I'll try to override the -Xmx to 800m to match the -XX:MaxRAMPercentage=80. Either I'll keep -Xms the same or I can change it if you suggest better value. And I will re-test next week.

@andreaTP andreaTP self-assigned this Sep 13, 2022
@andreaTP
Copy link
Member

Hi @petolexa , as promised I have replicated the environment on minikube to try to reproduce the issue.
Here you can find the instructions on how to replicate locally my setup:
https://github.com/andreaTP/apicurio-registry/blob/kafkasql-load-test/load-tests/notes.md
and here you can find all the relevant files:
https://github.com/andreaTP/apicurio-registry/tree/kafkasql-load-test/load-tests

Unfortunately, with this setup, I'm unable to replicate the issue with +10000 versions of the sample artifact you provided.
Can you please check my configuration and see if you can replicate the issue, or notice any difference from your environment?

Thanks in advance!

@petolexa
Copy link
Author

Hi @andreaTP, thank you for the detail and another test.

1. for the initial crash
I only see few minor differences between mine and your setup, considering minikube should react the same way as k8s cluster:

  • I didn't use JAVA_MAX_MEM_RATIO, but I guess it is the same as -XX:MaxRAMPercentage, am I right?
  • I did not specify memory request, only memory limit.
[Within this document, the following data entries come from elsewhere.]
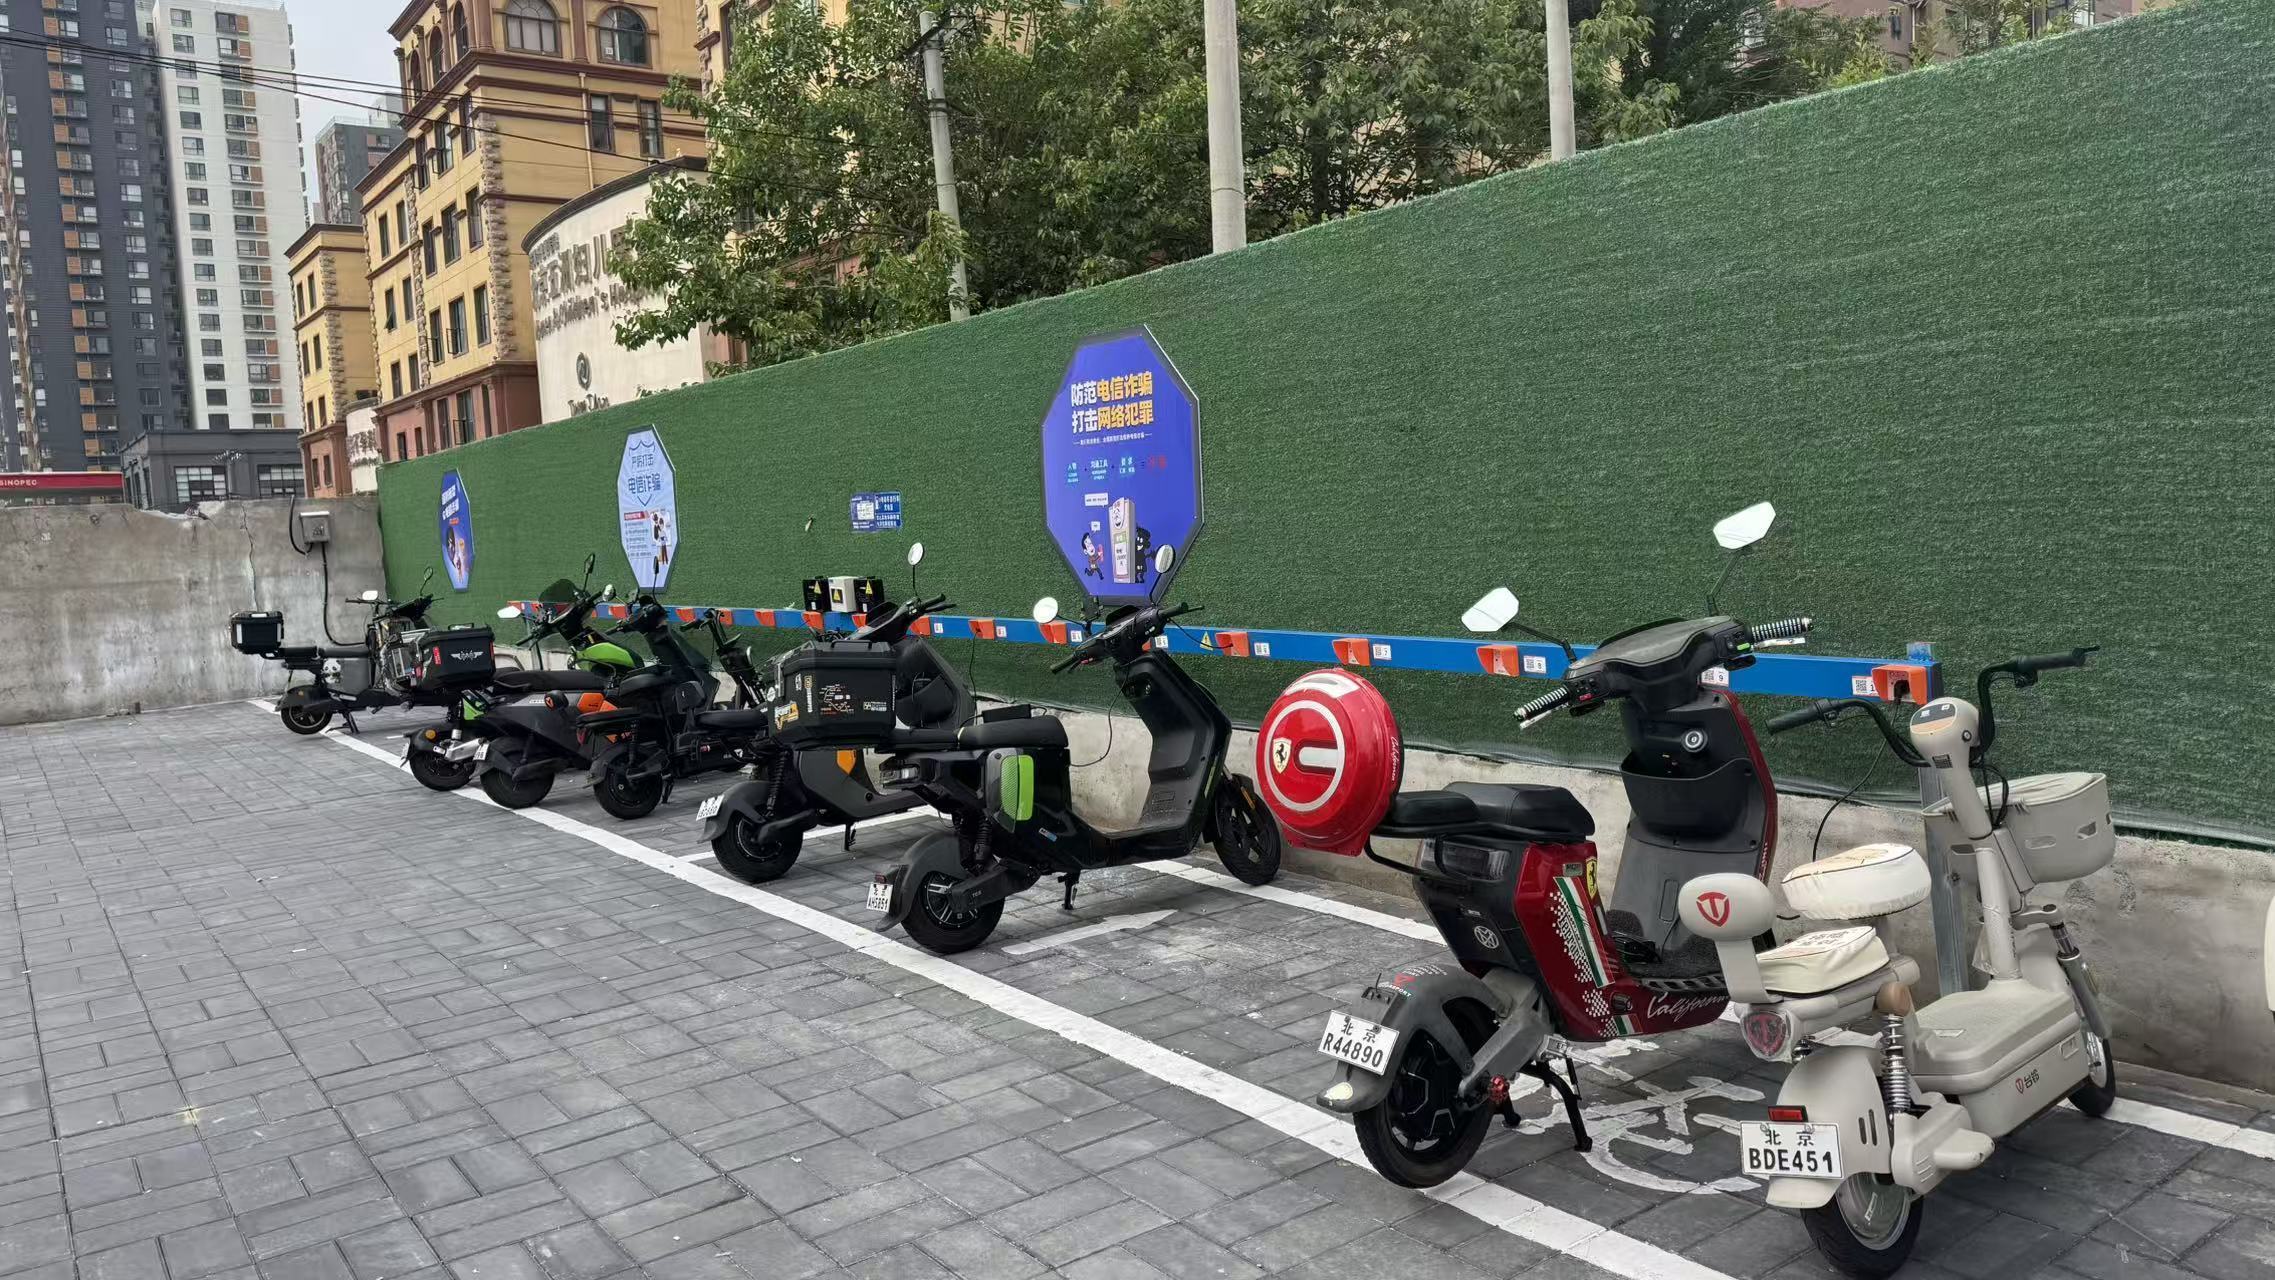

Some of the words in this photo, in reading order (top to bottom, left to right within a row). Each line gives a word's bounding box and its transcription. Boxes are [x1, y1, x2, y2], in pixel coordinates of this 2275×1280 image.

[1071, 371, 1152, 406] 防范电信诈骗
[1072, 399, 1154, 433] 打击网络犯罪
[628, 473, 661, 494] 电信诈骗
[1341, 1019, 1381, 1043] 北京
[1323, 1032, 1384, 1067] R44890
[1764, 1128, 1815, 1147] 北京
[1749, 1148, 1833, 1173] BDE451
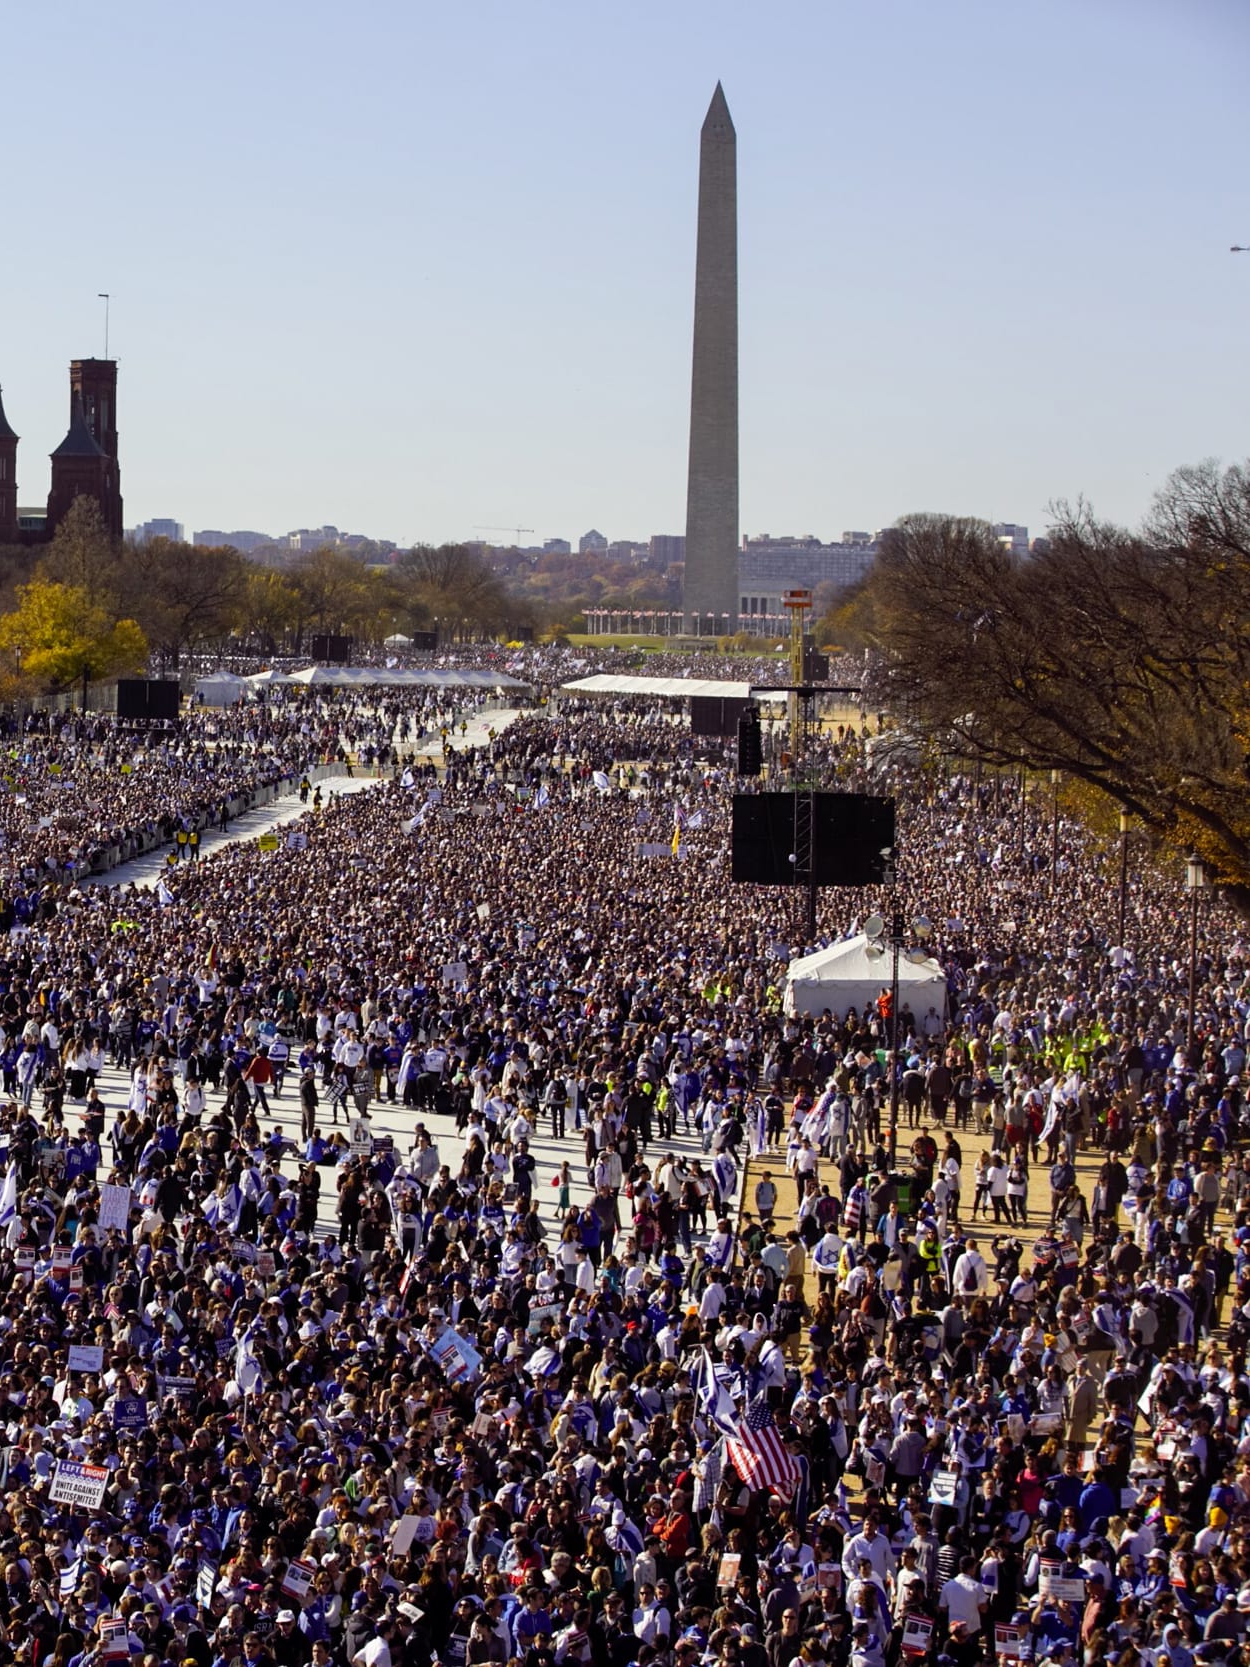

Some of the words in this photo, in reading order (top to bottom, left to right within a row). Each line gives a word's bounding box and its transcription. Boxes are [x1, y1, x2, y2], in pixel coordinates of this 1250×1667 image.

[61, 1463, 81, 1473] LEFT
[86, 1468, 107, 1479] RIGHT
[55, 1480, 74, 1491] UNITE
[73, 1484, 101, 1497] AGAINST
[53, 1490, 97, 1506] ANTISEMITES
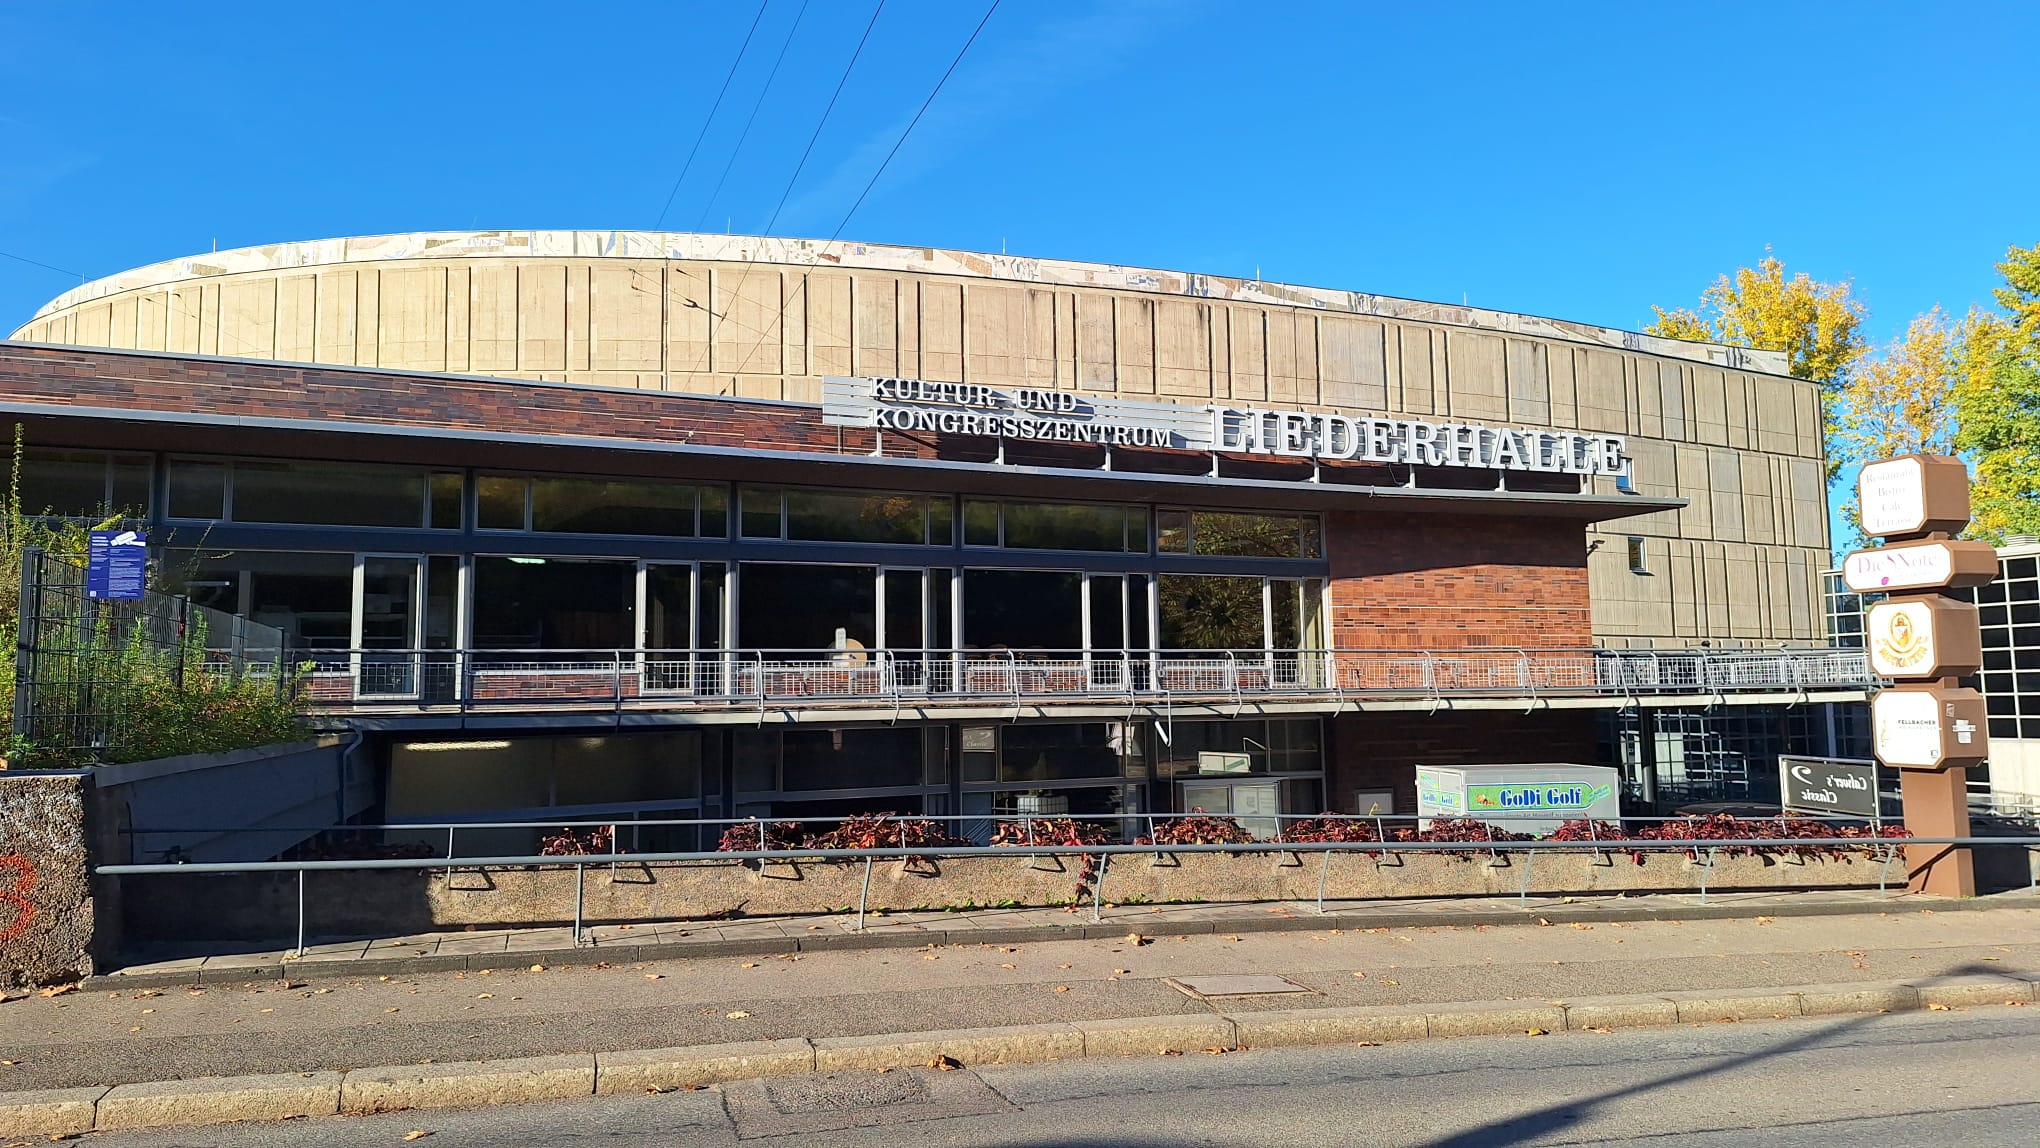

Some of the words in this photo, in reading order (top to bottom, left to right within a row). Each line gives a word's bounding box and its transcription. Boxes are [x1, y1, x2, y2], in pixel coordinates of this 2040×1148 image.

But the result should be the same I guees.

The main difference, in my opinion, is in the amount of messages:

  • the issue happens after 10000 versions. In my test, the loop is infinite until the pod crashes. After the crash, the Kafka topic shows 12145 records for my last test which I'll describe later.
  • I ran my (more primitive) bash command with watch on three different terminals at the same time, to simulate more requests/consumers and to speed up the crash. But this is unnecessary I guess, If you let your command run long enough.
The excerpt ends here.